Okay. Did some experiments, but couldn't see
wake_up_interruptible_sync() actually migrate the woken task, the
behavior was identical to wake_up_interruptible(). I guess this is
the "less" part in "more or less", but it would be good to see more
clearly what is happening.
I'll try to describe the design to give more context:
- FUSE is similar to network filesystem in that there's a server and a
client, except both are on the same host. The client lives in the
kernel and the server lives in userspace.
- Communication between them is done with read and write syscalls.
- Usually the server has multiple threads. When a server thread is
idle it is blocking in sys_read -> ... -> fuse_dev_do_read ->
wait_event_interruptible_exclusive(fiq->waitq,...).
- When a filesystem request comes in (e.g. mkdir) a request is
constructed, put on the input queue (fiq->pending) and fiq->waitq
woken up. After this the client task goes to sleep in
request_wait_answer -> wait_event_interruptible(req->waitq, ...).
- The server thread takes the request off the pending list, copies the
data to the userspace buffer and puts the request on the processing
list.
- The userspace part interprets the read buffer, performs the fs
operation, and writes the reply.
- During the write(2) the reply is now copied to the kernel and the
request is looked up on the processing list. The client is woken up
through req->waitq. After returning from write(2) the server thread
again calls read(2) to get the next request.

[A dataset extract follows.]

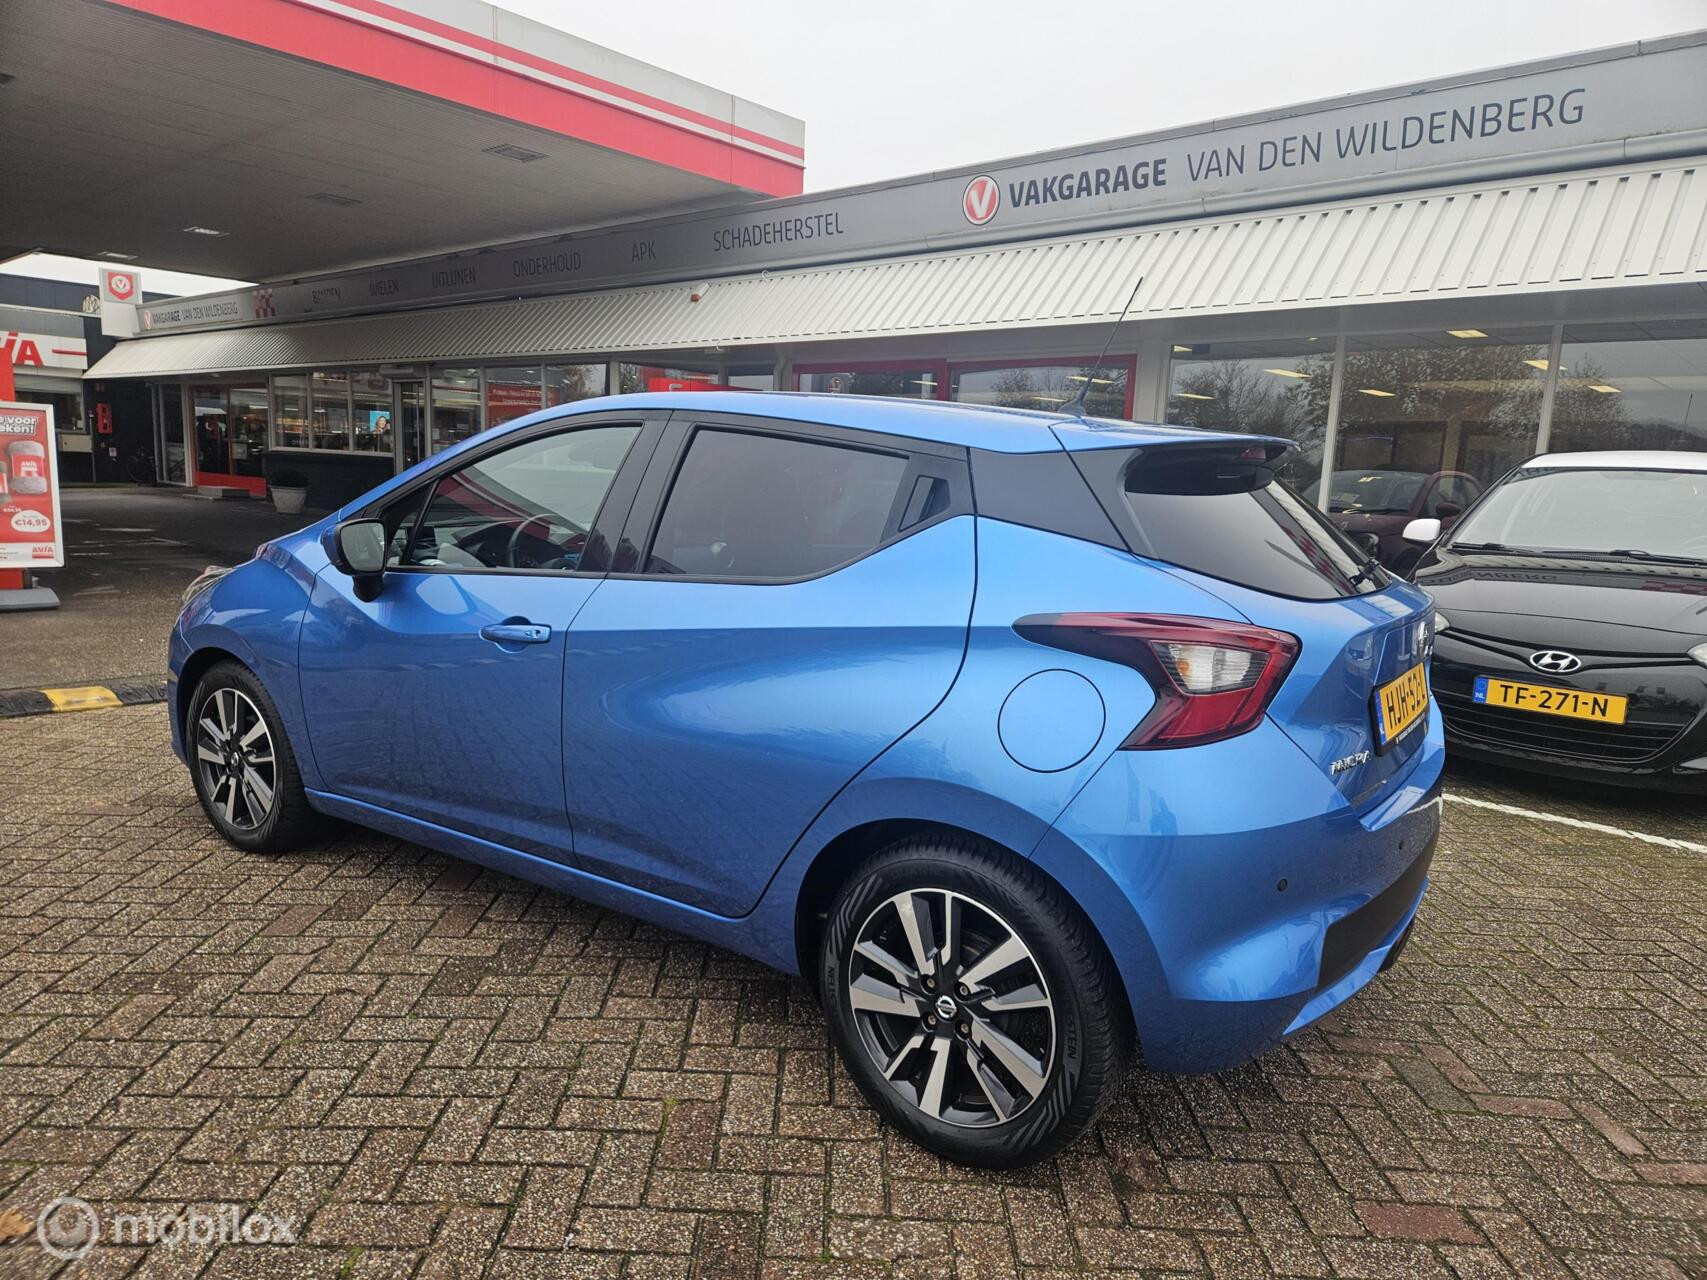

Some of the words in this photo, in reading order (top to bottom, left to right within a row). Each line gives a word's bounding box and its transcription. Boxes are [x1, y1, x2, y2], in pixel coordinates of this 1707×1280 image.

- After being woken up, the client task now returns with the result of
the operation.
- The above example is for synchronous requests. There are async
requests like readahead or buffered writes. In that case the client
does not call request_wait_answer() but returns immediately and the
result is processed from the server thread using a callback function
(req->args->end()).
From a scheduling prospective it would be ideal if the server thread's
CPU was matched to the client thread's CPU, since that would make the
data stay local, and for synchronous requests a _sync type wakeup is
perfect, since the client goes to sleep just as the server starts
processing and vice versa.
Always migrating the woken server thread to the client's CPU is not
going to be good, since this would result in too many migrations and
would loose locality for the server's stack.
Another idea is to add per-cpu input queues. The client then would
queue the request on the pending queue corresponding to its CPU and
wake up the server thread blocked on that queue.
What happens though if this particular queue has no servers? Or if a
queue is starved because it's served by less threads than another?
Handing these cases seems really complicated.
Per-CPU input queue is a great idea. It was a key concept in ZUFS[1]
design. However, describing it as complicated would be an understatement,
to say the least.
Is there a simper way?
Here is an idea: hint the userspace server on which cpu to execute the
_next_ request via the (unused) fuse_in_header.padding field in current
request. Naturally, this method would be effective only for cases where
queue-size > 1.
Thanks,
Miklos
[1] https://lwn.net/Articles/795996/